Jogadores do Inter destacam campanha difícil

Ausente no primeiro título do Internacional no Mundial de Clubes, o zagueiro e capitão da equipe, Bolívar, garantiu nesta quarta-feira, após a conquista do bicampeonato da Copa Libertadores, que ficará no clube para tentar ajudá-lo a também se sagrar bi mundial.
O jogador, que levou o filho ao gramado para presenciá-lo levantar o troféu da competição sul-americana, lembrou da adversidade enfrentada pelo Inter na final de hoje contra o Chivas, quando o time gaúcho chegou a estar perdendo por 1 a 0.
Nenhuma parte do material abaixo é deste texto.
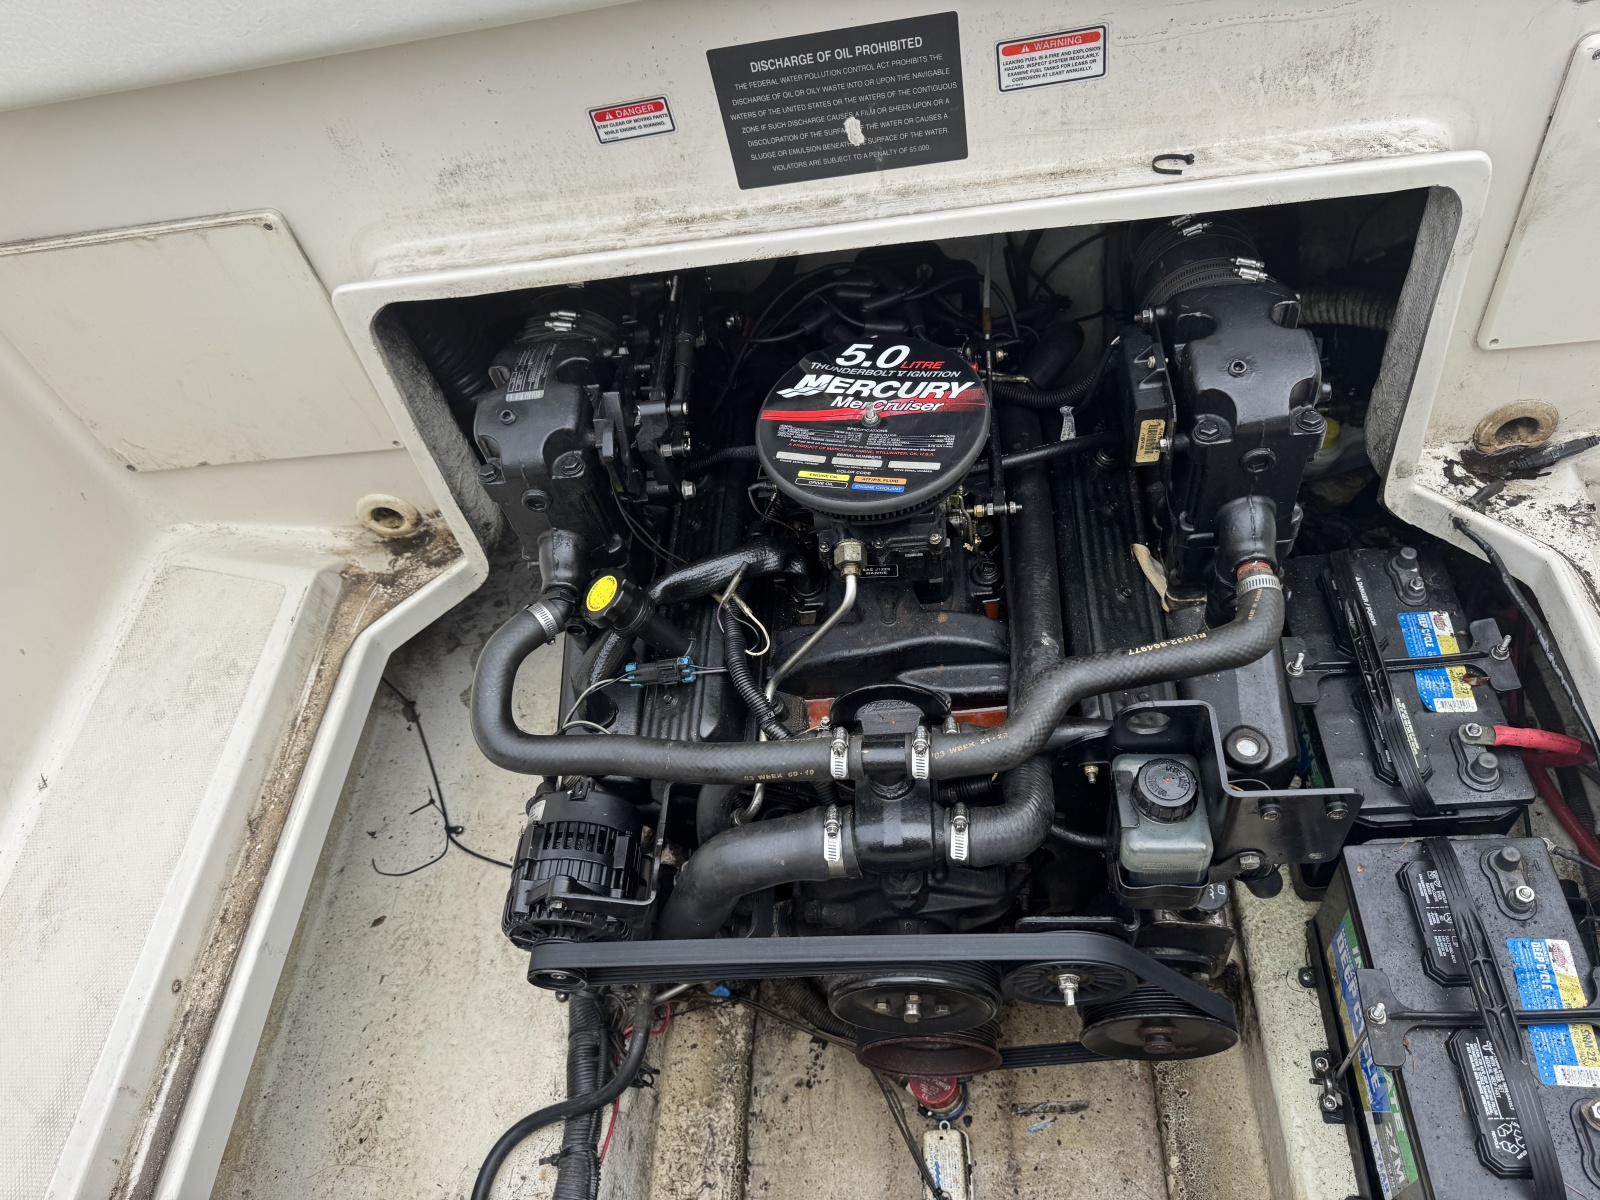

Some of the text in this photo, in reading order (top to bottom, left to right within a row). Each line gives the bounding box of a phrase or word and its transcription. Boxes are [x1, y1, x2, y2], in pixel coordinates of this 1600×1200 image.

[750, 36, 923, 72] DISCHARGE OF OIL PROHIBITED
[1034, 36, 1082, 50] WARNING
[1069, 52, 1100, 62] REGULARLY.
[1072, 46, 1101, 55] EXPLOSION
[749, 79, 779, 88] FEDERAL
[780, 74, 803, 84] WATER
[804, 69, 842, 80] POLLUTION
[843, 64, 875, 74] CONTROL
[877, 61, 889, 70] ACT
[892, 55, 928, 67] PROHIBITS
[929, 53, 943, 61] THE
[1012, 74, 1040, 82] CORROSION
[1066, 66, 1092, 74] ANNUALLY.
[730, 111, 757, 121] WATERS
[782, 104, 806, 113] UNITED
[808, 100, 832, 110] STATES
[858, 92, 886, 102] WATERS
[913, 82, 957, 94] CONTIGUOUS
[732, 94, 771, 106] DISCHARGE
[806, 87, 820, 95] OILY
[822, 83, 845, 93] WASTE
[847, 80, 863, 89] INTO
[876, 76, 896, 85] UPON
[912, 68, 950, 79] NAVIGABLE
[615, 104, 655, 118] DANGER
[742, 125, 760, 134] ZONE
[768, 122, 786, 130] SUCH
[788, 116, 825, 127] DISCHARGE
[826, 112, 853, 122] CAUSES
[888, 103, 911, 112] SHEEN
[913, 100, 932, 109] UPON
[748, 134, 798, 147] DISCOLORATION
[915, 114, 942, 123] CAUSES
[751, 151, 776, 161] SLUDGE
[789, 145, 821, 156] EMULSION
[823, 142, 852, 151] BENEATH
[868, 134, 897, 144] SURFACE
[925, 127, 949, 136] WATER.
[772, 161, 807, 172] VIOLATORS
[823, 155, 852, 164] SUBJECT
[869, 149, 897, 158] PENALTY
[810, 362, 894, 377] THUNDERBOLT
[835, 343, 945, 369] 5.0 LITRE
[794, 374, 976, 399] MERCURY
[830, 396, 945, 411] MerCruiser
[1357, 582, 1369, 602] DANGER
[1366, 607, 1377, 626] POISON
[949, 742, 976, 754] WEEK
[1336, 934, 1358, 998] DEEP
[1531, 942, 1541, 964] DEEP
[1537, 964, 1553, 990] CYCLE
[1385, 1122, 1406, 1183] 27M
“No primeiro tempo tivemos um placar adverso, mas conseguimos revertê-lo”, disse Bolívar pouco depois do apito final.
Já o atacante Leandro Damião, que entrou no segundo tempo no lugar de Rafael Sóbis e marcou um dos gols decisivos, atribuiu o triunfo “à união do grupo” e destacou o caminho “difícil” enfrentado pelo Colorado até a final.
O goleiro argentino Roberto Abbondanzieri, atualmente na reserva de Renan, afirmou que o título da Libertadores lhe permite “encerrar” sua carreira no fim do ano da melhor forma possível.
Sandro, que deixará a equipe nos próximos dias para atuar pelo Tottenham, disse que “sempre” sonhou em ser campeão da Libertadores.
“Este é um momento que me marcar para sempre”, explicou o volante, que tem boas chances de ser convocado nesta sexta-feira pelo técnico Mano Menezes para os próximos amistosos da seleção brasileira.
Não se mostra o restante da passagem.